India’s writing instruments industry is expected to witness strong sales growth of 13-15% this fiscal, helped by sustained rise in demand from the education sector as students return to schools and colleges as well as higher export demand from the US, according to rating agency CRISIL. Meanwhile, the industry saw a growth of 33% in the preceding financial year.
“The demand for writing instruments has breached the pre-Covid levels, with 100% return to physical mode of education from the interim online mode,” said Jaya Mirpuri, Director, CRISIL Ratings. Mirpuri added that the overall growth in the education sector on the back of government initiatives such as the National Education Policy and Samagra Shiksha Scheme focusing on integrated school education from pre-school to Class XII augurs well for the industry’s growth. The rating agency said that in the longer term, the sector will benefit from India’s demographic dividend and increasing share of organised players.
Factors favouring organised players
The rating agency said that exports, which accounts for 25% of the sector’s revenue, are estimated to increase by 15-20% in the current financial year. The rise in exports is attributed to tie-ups with international brands for sales in the US as part of the strategy to de-risk from China.
Further, the rating agency said that India’s young population is expected to boost the revenue of the writing instruments industry. The median age of 28 years in India translates to a large number of students and a large workforce as the country’s manufacturing and services sectors expand.
Moreover, the organised segment of the industry, which accounts for nearly 80% of the industry, will be the biggest beneficiary, noted the rating agency. In the past three fiscals, the market share of organised manufacturers have risen from about 65% to nearly 80% of the Rs 10,000 crore industry. The organised players have strengthened their distribution and retail channels, and provide diverse product portfolios, stated CRISIL.

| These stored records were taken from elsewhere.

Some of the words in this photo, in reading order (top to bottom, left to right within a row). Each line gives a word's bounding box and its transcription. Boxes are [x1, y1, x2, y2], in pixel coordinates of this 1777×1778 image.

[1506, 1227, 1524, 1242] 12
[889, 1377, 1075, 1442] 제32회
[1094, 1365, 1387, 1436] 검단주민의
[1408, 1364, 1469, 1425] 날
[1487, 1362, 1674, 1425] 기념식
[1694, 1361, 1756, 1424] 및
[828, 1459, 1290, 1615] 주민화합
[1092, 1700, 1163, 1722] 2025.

The rating agency said that better economies of scale have resulted in pricing flexibility for the organised players and has helped to reduce the gap between branded and unbranded writing material, while providing superior quality. Unorganised manufacturers, which were dependent on cheaper imports from China for cost arbitrage, have lost their edge after the implementation of the Goods and Services Tax and they are unable to compete with branded manufacturers in a quality-conscious market.
Improved operating margin
The operating profitability of the industry is expected to expand by 150-200 bps to about 13% this fiscal due to prices of key raw materials (polypropylene for pens and lead for pencils) falling about 15% over the past fiscal. The decline in prices of raw materials will play an important role in improving the operating margin as raw materials account for 60-65% of their total cost. The margin improvement would be higher but for increase in distribution costs due to footprint expansion.

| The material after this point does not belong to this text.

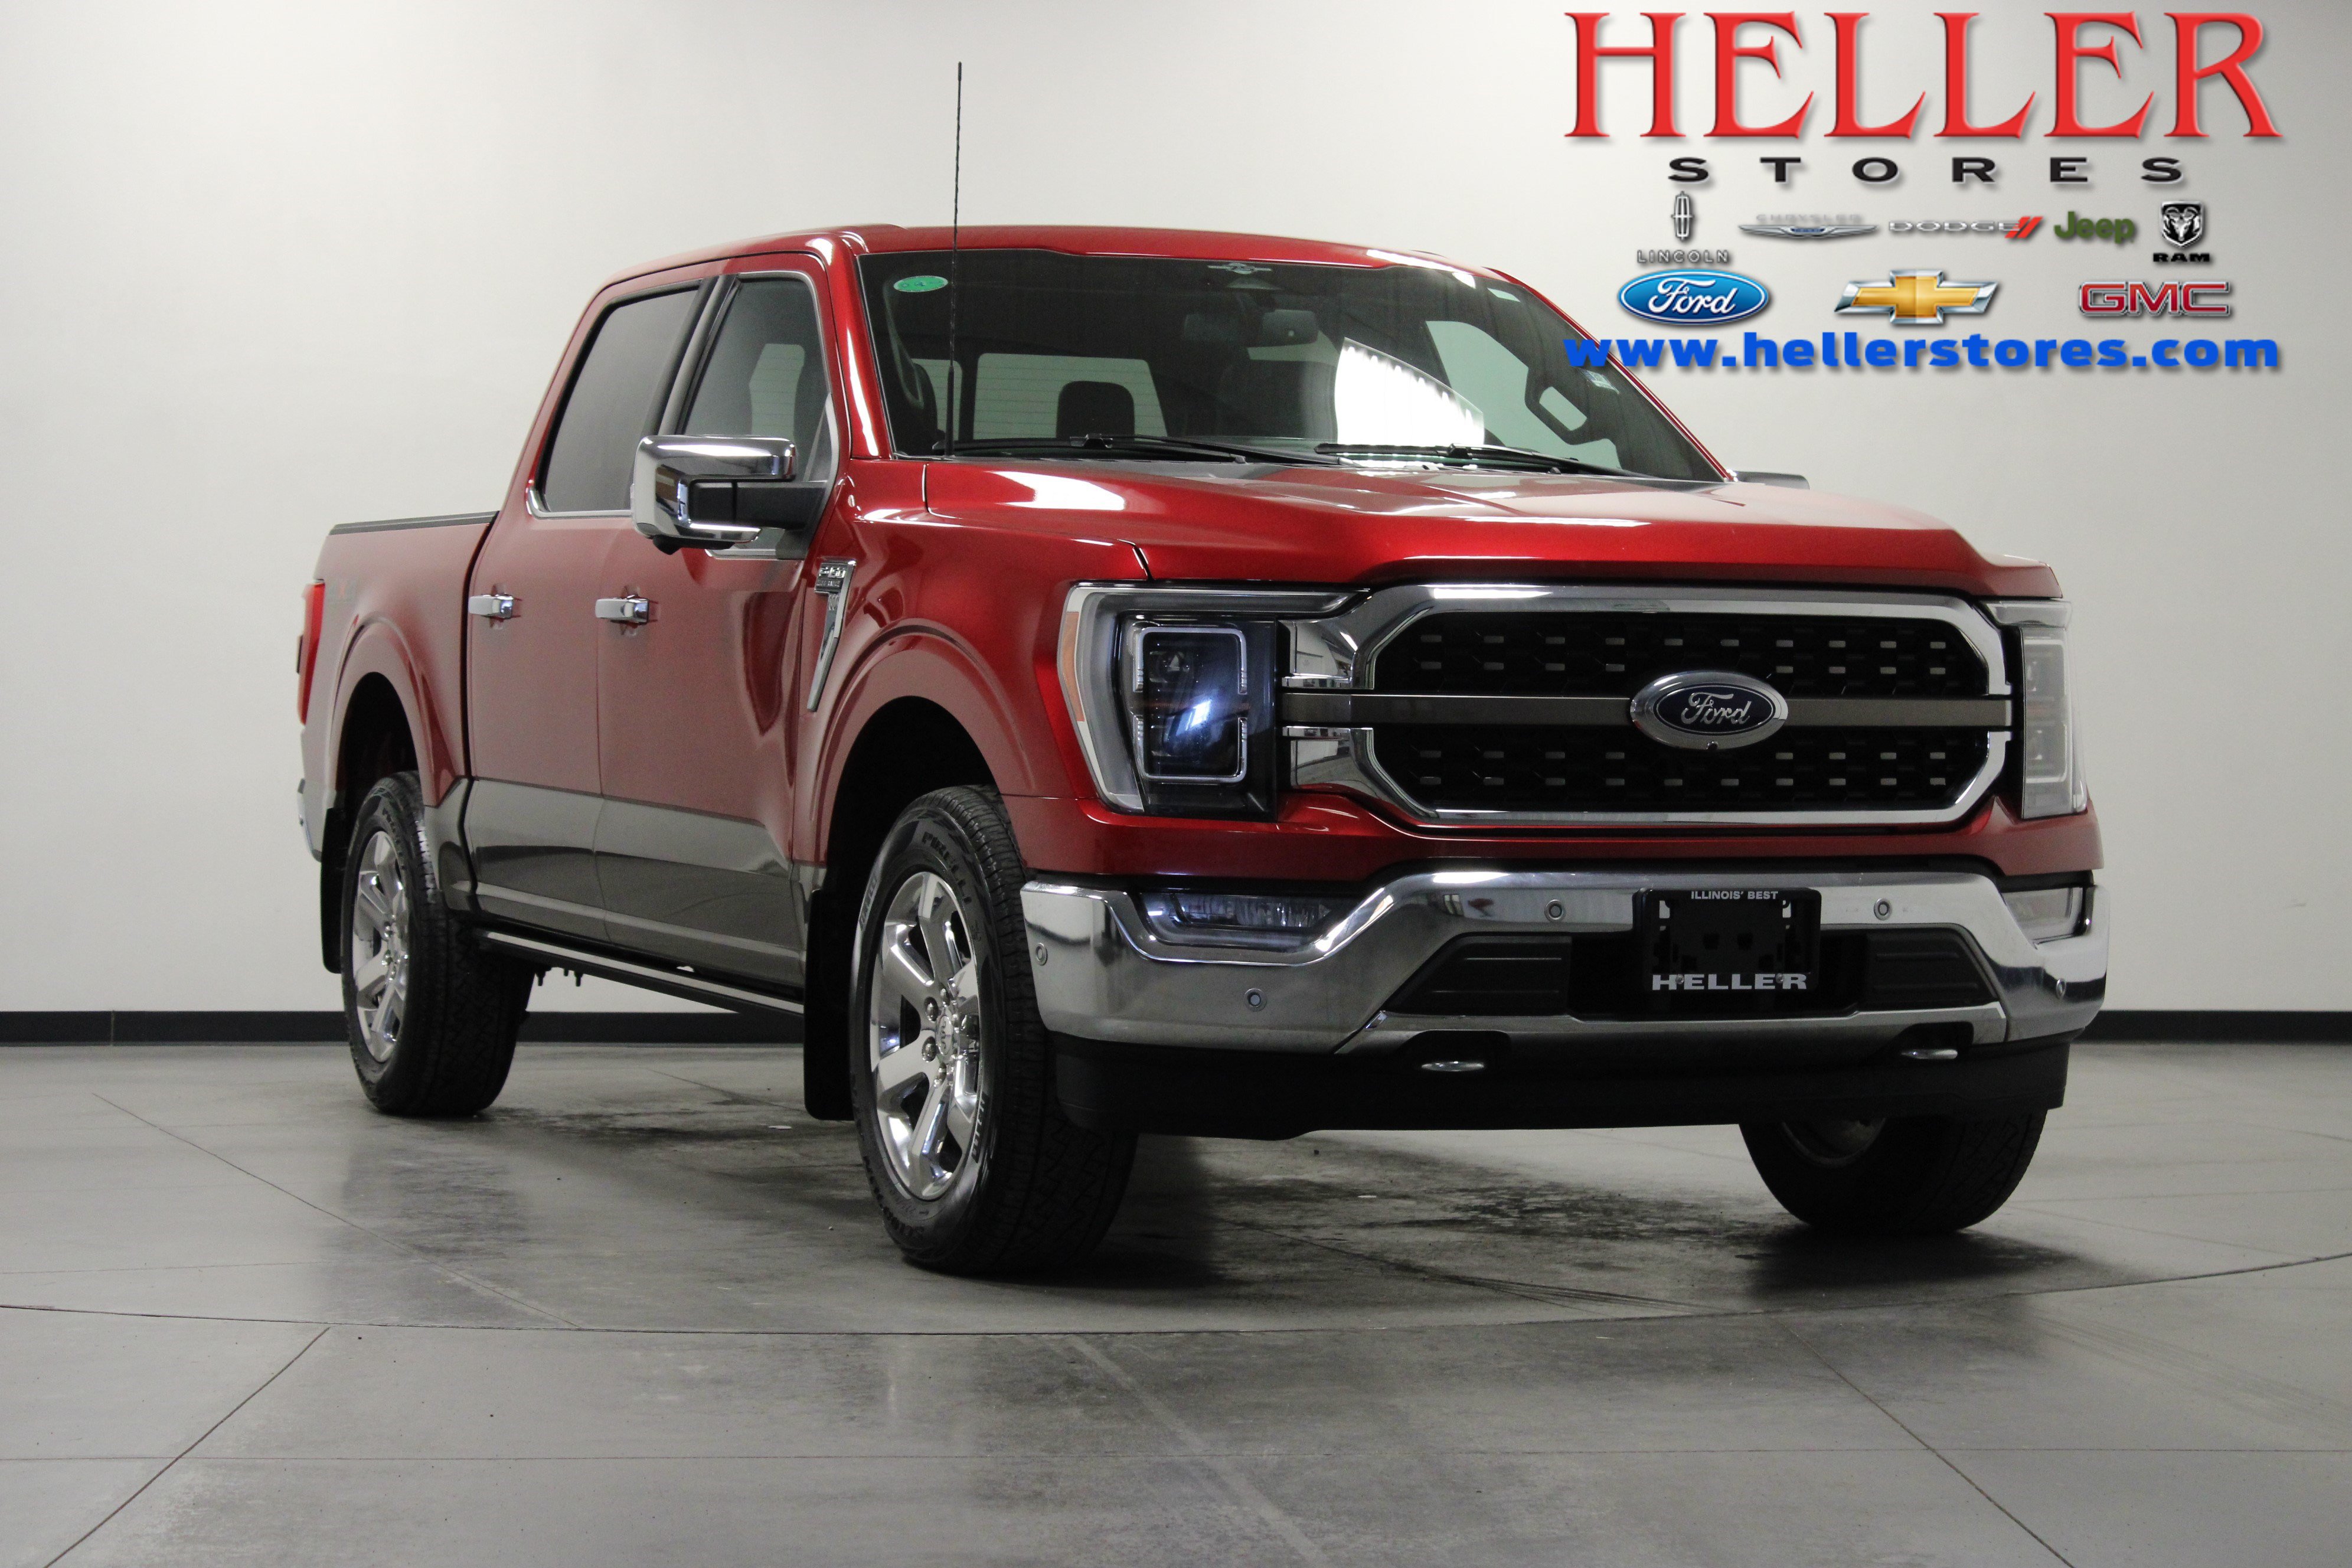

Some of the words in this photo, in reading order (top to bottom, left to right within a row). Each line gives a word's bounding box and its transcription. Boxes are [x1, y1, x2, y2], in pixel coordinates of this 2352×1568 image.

“The increased demand will push manufacturers to increase capacity as well as innovation, and gross block at the industry level will be up 30% YoY,” said Says Rushabh Borkar, Associate Director, CRISIL Ratings. Borkar further said that though this will increase debt levels, strong cash flows supported by healthy profitability will help sustain credit profiles.
The rating agency said that the gearing and interest coverage ratio of its sample set (five manufacturers rated by CRISIL Ratings, accounting for half of the organised segment revenue) will remain comfortable at 0.2 time and 12.5 times, respectively. However, unexpected movement in prices of raw materials or change in consumer behaviour will be key monitorables.